Experience also taught them to use ECMO on smaller and even slightly premature babies when needed. Preemies still tend to be a particularly high-risk group, as cannulas may not fit in their blood vessels and they are vulnerable to excess bleeding.
“The younger your gestational age, the [higher the risk for] complications that ECMO would expose,” Howell says. But once again, judiciously pushing frontiers for children was the clarion call. “I think we got challenged by neonatologists, by parents,” Howell says, echoing their queries: ‘Just because my baby doesn’t meet your strict criteria, it is the only chance he’s got, so can you just try it?’
They learned they could decrease bleeding risk for all babies by minimizing the dosage of the blood-thinning drug, heparin. The neonatal ECMO team was among the first to also give antithrombin III, a natural partner for heparin inside the body. This approach is now the industry standard, says Linda Wise (GRU College of Nursing, ’83), ECMO and neonatal transport coordinator.
Along with their colleauges across the country, the MCG team also learned most ECMO cases didn’t require sacrificing a carotid artery. Eighty percent of newborn respiratory patients now receive a two-lumen catheter that accesses a single jugular vein, Wise says.
ECMO and the team have come a long way in 30 years. “Thirty years ago, we made our own cannulas [by filing and burning chest tubes],” Hatley tells Ellyn. Today’s cannulas are now precisely customized, including a double-tipped version enabling the venovenous approach. The ECMO unit itself is smoother, handling blood cells more gently and oxygenating them more effectively.
One thing that hasn’t changed is the vigilance. Wise calls the machine and the baby who needs it twins. One nurse stays with the baby and a nurse or respiratory therapist with his mechanical twin. “With ECMO, if something happens – a clot in the circuit, components breaking or rupturing, the cannula coming out of the neck – the baby is going to die if you don’t act immediately,” Wise says. Even with so many years of experience under its belt, the neonatal ECMO team regularly conducts “water labs” with the ECMO pumps stored in Wise’s office. They’re always primed and ready.
Interestingly, babies on ECMO tend to revert to shunting their blood away from their lungs as they did in utero. When all goes well, the patient’s body will naturally shunt less each day, apparently as blood oxygen levels improve. In fact, the shunt closing is a cue that the baby likely is ready to come off ECMO. “It is weird, but it’s a fact,” Howell says.
Best Birthday Gift Ever
Newborn Ellyn’s chest X-ray slowly went from a wash of white to a more familiar-looking lung-shaped shadow. Darlene Williams, Ellyn’s neonatal nurse, told Carla and Brian during their morning phone call that while she didn’t want to get their hopes up, they “should probably bring the carseat that day,” says Brian, still unable to contain his tears. It was Nov. 16, 1995, his 34th birthday.

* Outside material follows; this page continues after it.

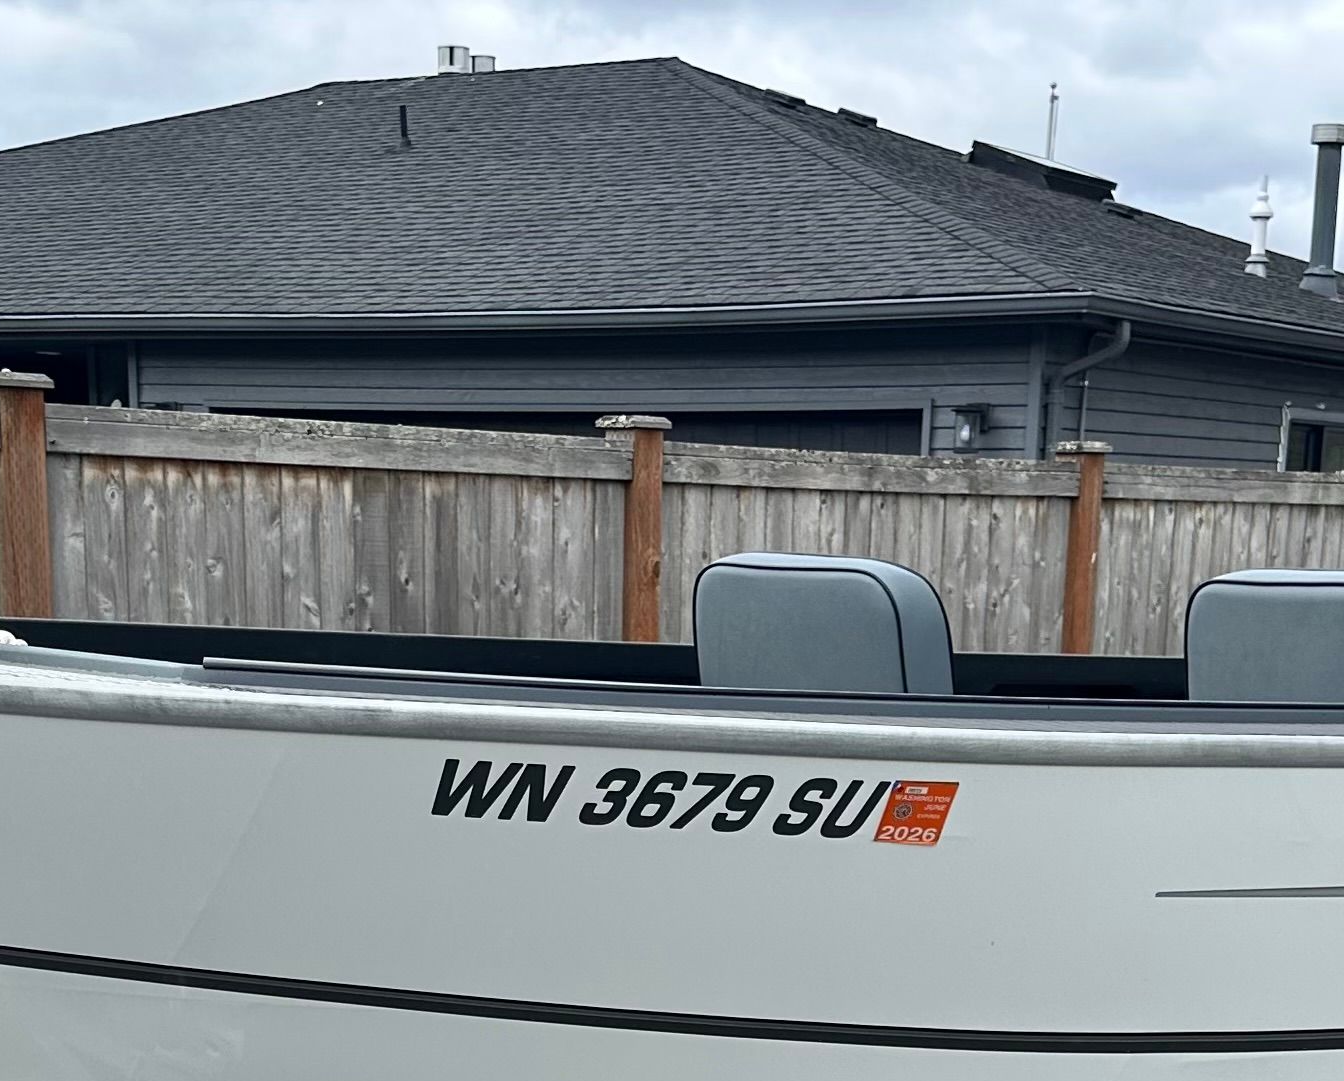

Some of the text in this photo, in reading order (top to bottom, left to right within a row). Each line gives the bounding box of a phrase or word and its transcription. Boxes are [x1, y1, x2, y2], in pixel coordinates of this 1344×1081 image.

[431, 758, 892, 839] WN 3679 SU
[877, 825, 938, 843] 2026

“To this day, he says it’s the best birthday gift he has ever had,” says Ellyn.
Ellyn rapidly grew into a precocious, active child and a seriously type-A young adult who remembers her first B, excels at softball, loves to share her opinion, is best friends with sister Ashley and is a nurturer by nature.
Four days after her birth, Brian recalls Carla saying, “‘Lord, I don’t care if she screams the rest of her life, I just want to hear her cry.’ We have been reaping the benefits of that statement for almost 20 years.”
Their pride is as palpable as their joy as they recall Ellyn’s early decision to be a doctor. In fact, the sophomore biology major at the University of South Carolina already has her Medical College Admission Test book. An adviser told her she also needed some experience.
She’d reunited with Hatley when a classmate of hers and former patient of his died in 2009. Characterstically, Hatley told her to contact him if she ever needed anything. Last winter, she reached out to ask if she could shadow him. He responded with his cell phone number.